Anon Y Mous wrote:
> I hate running GNOME in OpenSolaris on old hardware anyway. It 
> uses up a lot of RAM and system resources if you don't have 
> something powerful like a monster Nvidia card with it's own 
> GPU and 1/4 to 1/2 of a gig of RAM to power it. I liked how 
> CDE was made available as an alternative light-weight desktop 
> in Solaris Express, however CDE can't be used in OpenSolaris
> because it is proprietary closed source software owned by the 
> open group.
> 
> XFCE 2 had a theme that looked almost exactly the way that CDE
> looked in Solaris 8, 9, and 10. So what do you guys say. XFCE
>  with this CDE theme as a replacement for CDE in OpenSolaris?
> 
> If GNOME ever gives Solaris the shaft, we can always rely on 
> our Solaris CDE-look-a-like XFCE theme as it is more in line
> with what traditional old-school UNIX administrators want on 
> their Solaris box anyway.

This is interesting to hear.  As GNOME 3.0 moves towards making
more and more use of OpenGL, there is an increasing need to support
a lighter desktop for Sun Ray environments, environments where people
want to use the desktop over high latency networks, to support
older hardware that doesn't work with OpenGL, etc.  XFCE might be a
good option.

One issue to consider, though, is accessibility.  It is really
important to Sun to provide an accessible desktop.  So, how do the
more lightweight desktop environments stack up in terms of
accessibility?  XFCE uses GTK+ based widgets, so that probably gives
some accessibility for free.  That said, you typically don't get
a fully accessible program without some additional work.

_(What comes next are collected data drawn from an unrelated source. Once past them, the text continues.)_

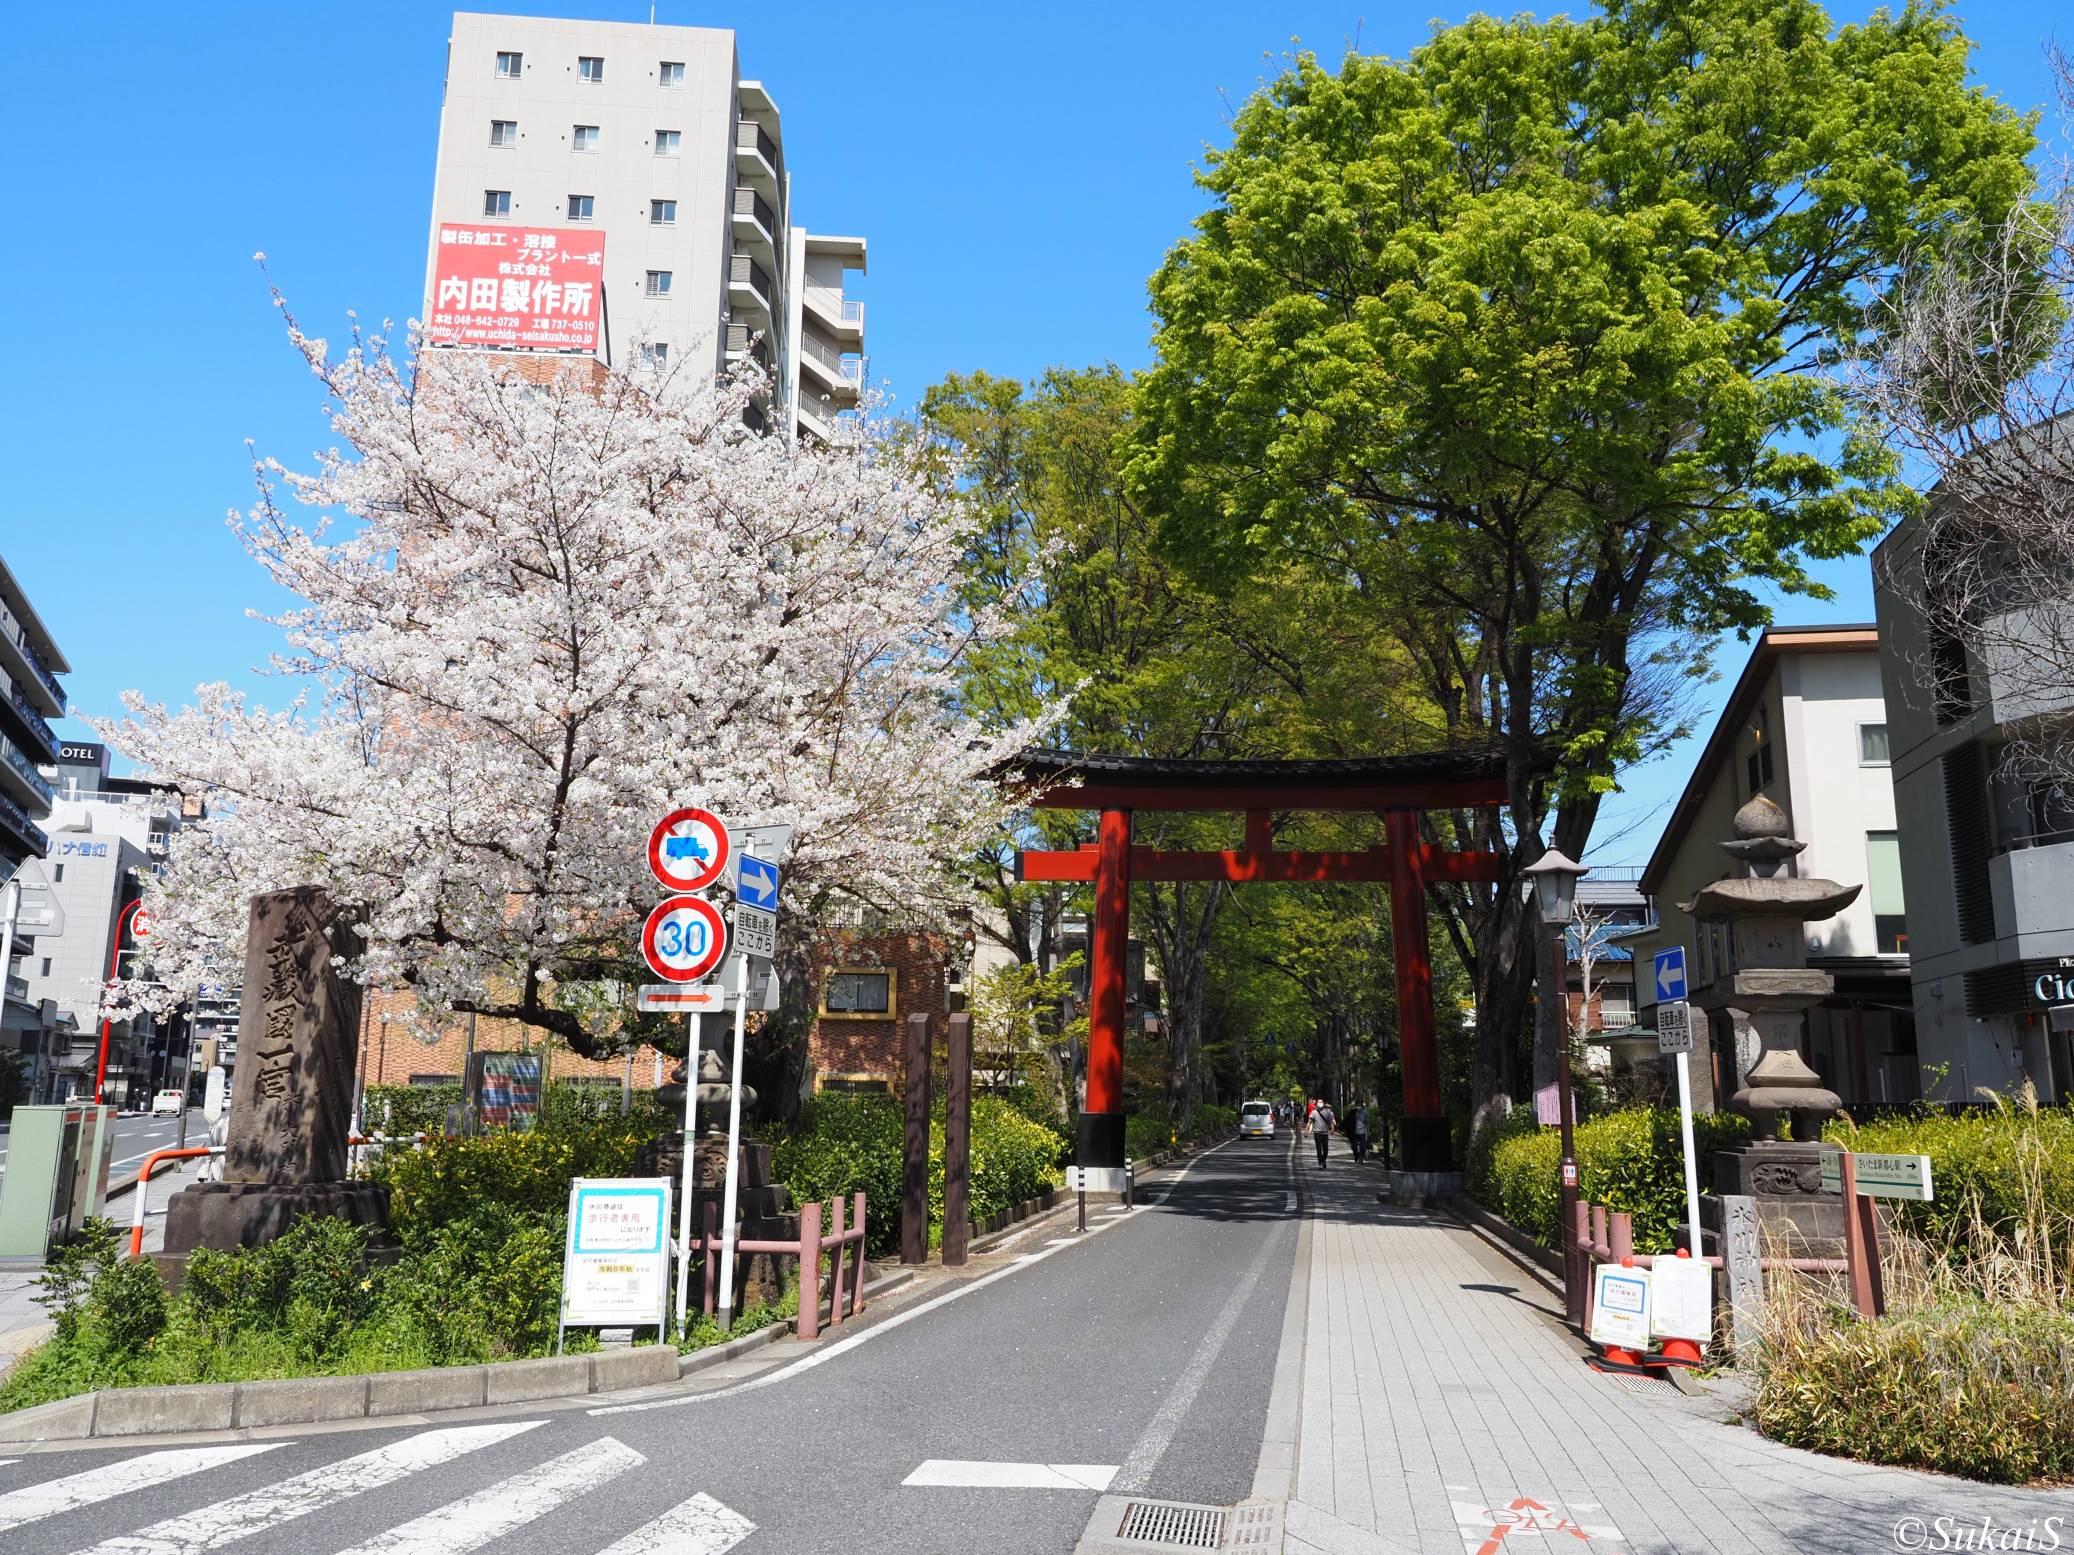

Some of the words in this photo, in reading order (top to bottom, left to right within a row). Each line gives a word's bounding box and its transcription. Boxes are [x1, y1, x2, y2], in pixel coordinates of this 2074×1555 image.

[498, 262, 552, 276] 株式会社
[438, 275, 593, 316] 内田製作所
[435, 313, 452, 325] 本社
[454, 314, 520, 327] 048-642-0729
[551, 319, 595, 331] 737-0510
[60, 747, 95, 760] OTEL
[739, 911, 774, 935] 自転車を除く
[662, 921, 706, 957] 30
[737, 931, 772, 952] ここから
[1660, 1009, 1688, 1027] 自転車を除く
[1661, 1030, 1689, 1047] ここから
[1732, 1206, 1758, 1298] 氷川神社
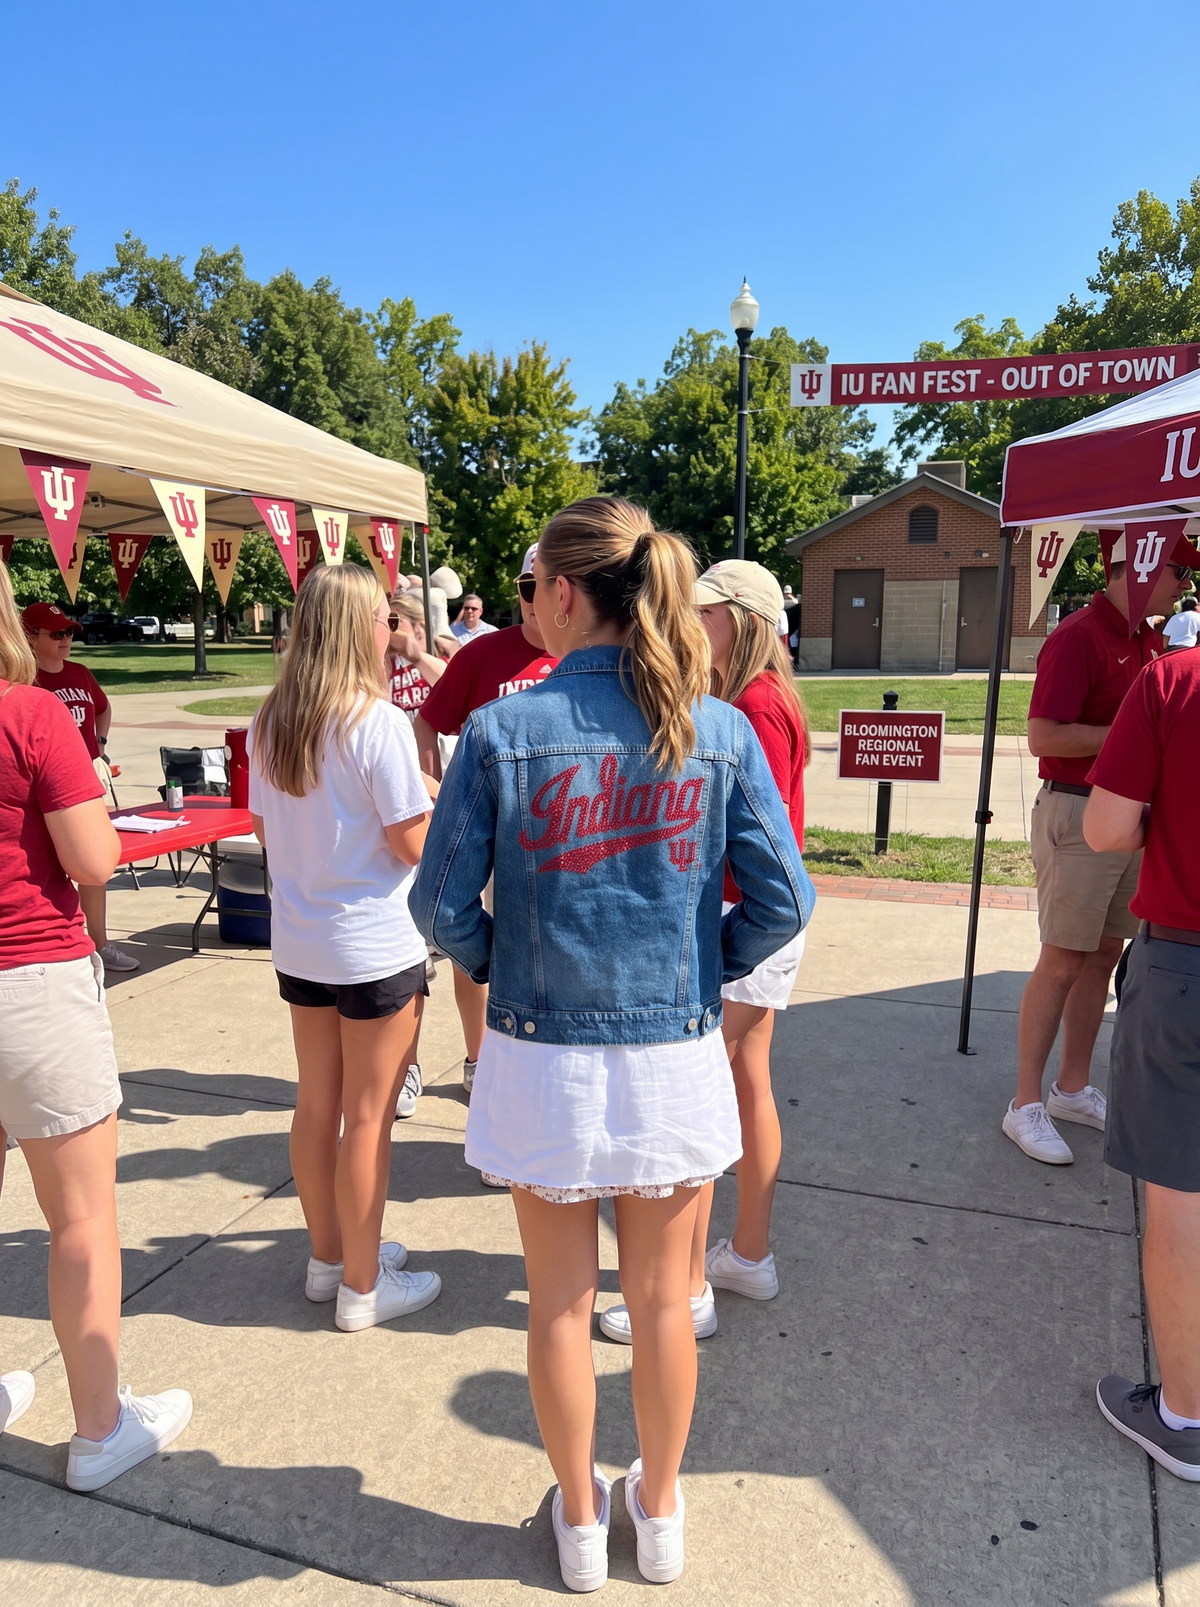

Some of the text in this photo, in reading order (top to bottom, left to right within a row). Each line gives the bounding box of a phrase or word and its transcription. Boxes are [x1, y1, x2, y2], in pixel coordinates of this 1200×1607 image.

[800, 370, 823, 400] IU
[841, 373, 865, 396] IU
[871, 371, 916, 395] FAN
[922, 369, 981, 394] FEST
[1001, 365, 1053, 391] OUT
[1058, 362, 1093, 388] OF
[1098, 355, 1176, 384] TOWN
[41, 466, 75, 521] IU
[169, 491, 199, 538] IU
[266, 504, 292, 546] IU
[118, 538, 139, 568] IU
[211, 538, 232, 570] IU
[323, 517, 340, 556] IU
[378, 522, 395, 559] IU
[1036, 531, 1065, 578] IU
[1133, 531, 1167, 583] IU
[844, 724, 938, 738] BLOOMINGTON
[858, 739, 922, 752] REGIONAL
[855, 753, 924, 767] FAN EVENT
[518, 754, 705, 852] Indiana
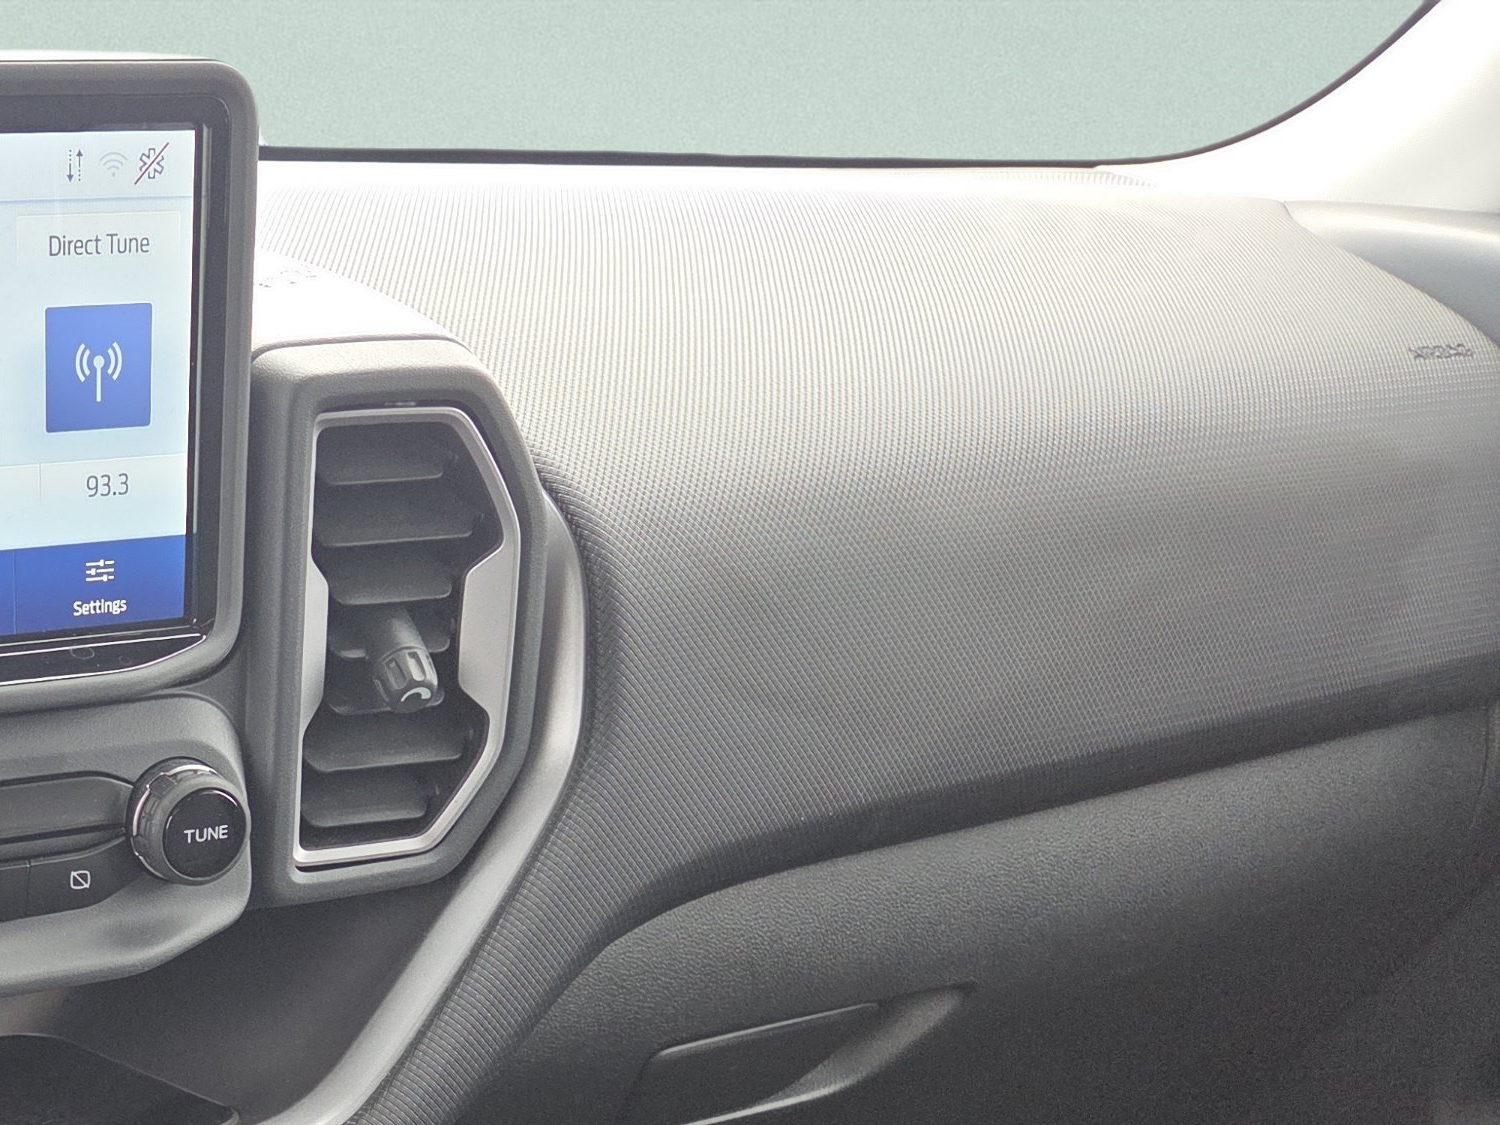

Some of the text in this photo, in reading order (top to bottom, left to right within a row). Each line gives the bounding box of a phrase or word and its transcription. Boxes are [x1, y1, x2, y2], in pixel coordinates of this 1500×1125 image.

[48, 234, 150, 257] Direct Tune
[85, 472, 130, 498] 93.3
[72, 597, 128, 617] Settings
[183, 824, 229, 844] TUNE
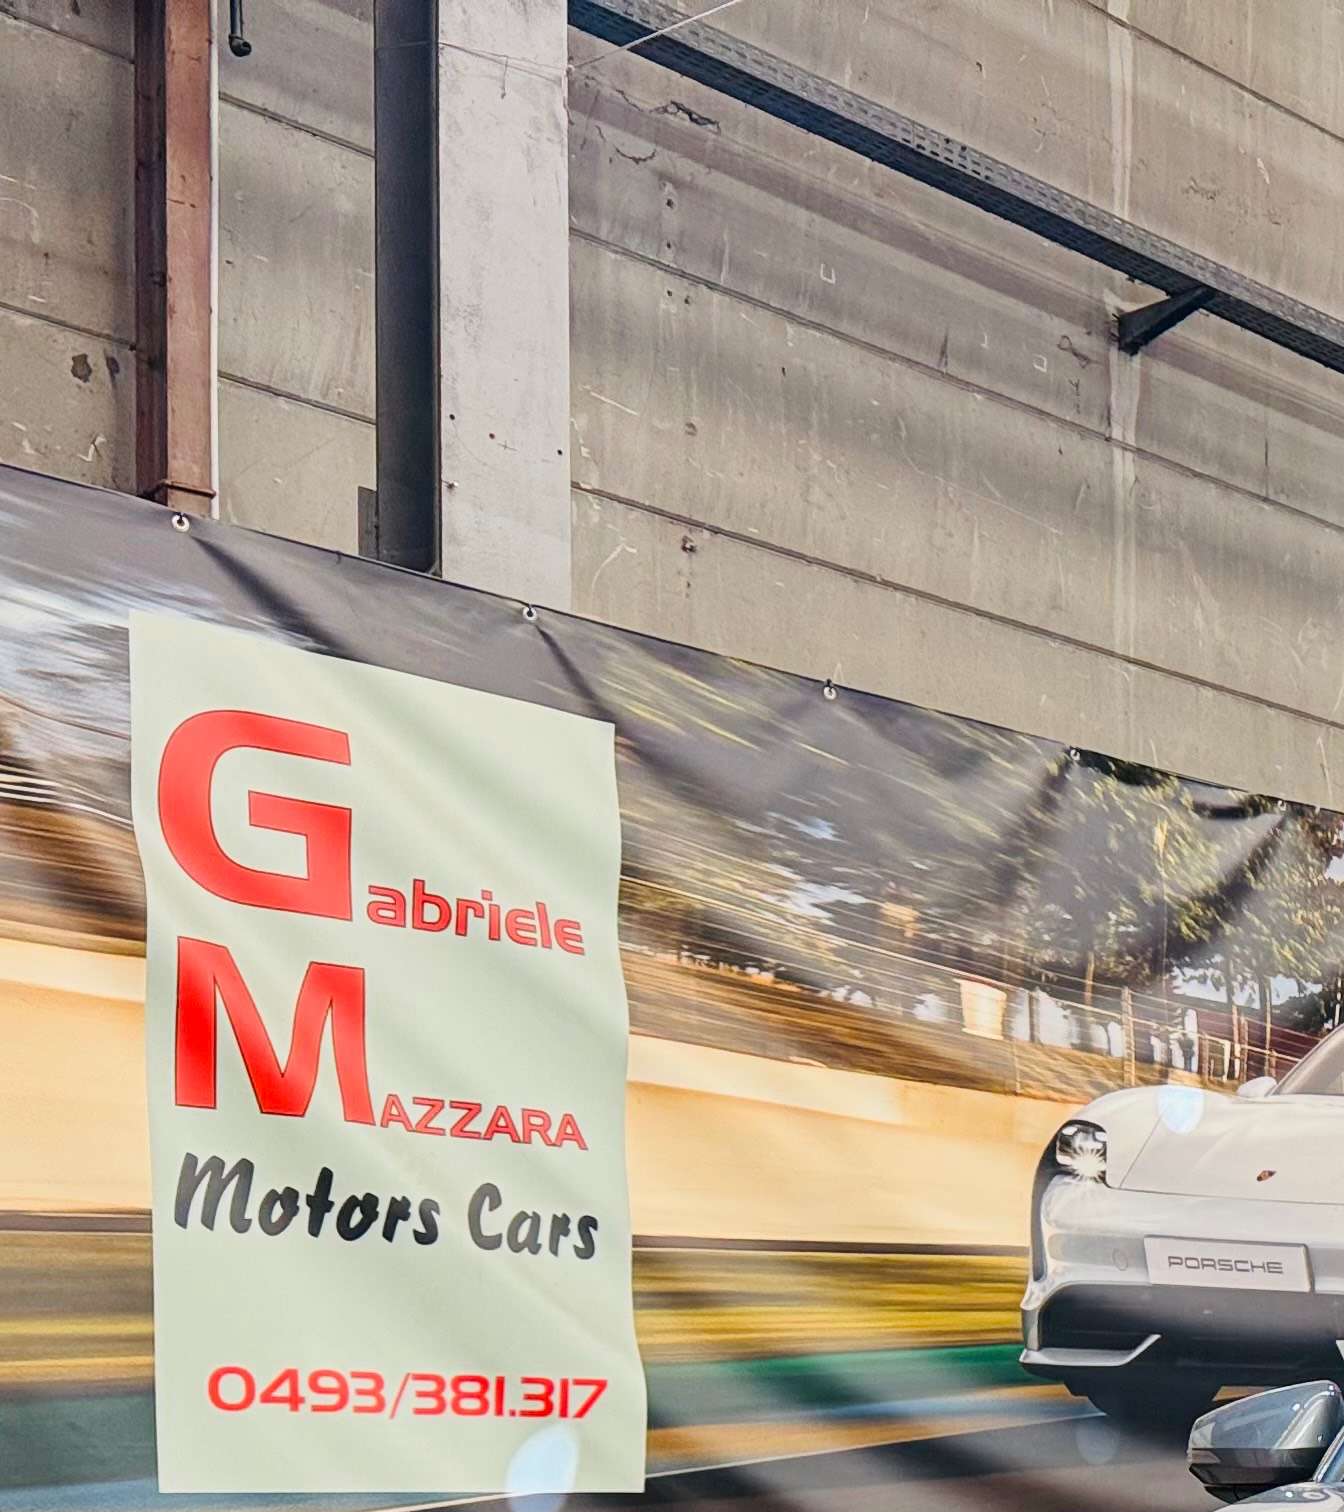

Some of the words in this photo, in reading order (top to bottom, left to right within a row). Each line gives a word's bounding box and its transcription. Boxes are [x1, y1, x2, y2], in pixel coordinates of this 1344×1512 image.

[157, 709, 585, 956] Gabriele
[172, 1150, 442, 1248] Motors
[466, 1180, 600, 1262] Cars
[1168, 1256, 1284, 1274] PORSCHE
[207, 1365, 609, 1420] 0493/381.317

I remember some of the biggest issues about getting the GNOME
desktop working with accessibility was ensuring that users had
reasonable key navigability, so they could navigate to the GNOME
panel via Ctrl-Alt-Shift and then use the various applets via
the arrow keys and the Return key, etc.  Since many applets were
designed to be very visual focused, making them accessible is
sometimes a challenge.  Also, the GNOME desktop allows you to
configure it so that AT programs (like GOK or orca) are launched
automatically for a given user.

If there is an interest in the OpenSolaris community to help
analyze which lightweight desktops offer the best accessibility, then
that would be very helpful towards getting one integrated.  It would be
good, for example, to start reporting any bugs found upstream so we can
start the process of working with the upstream communities on this.

Maybe someone should make the XFCE packages available and ping the
accessibility-discuss at opensolaris.org mailing list to see if we could
get help doing an accessibility evaluation?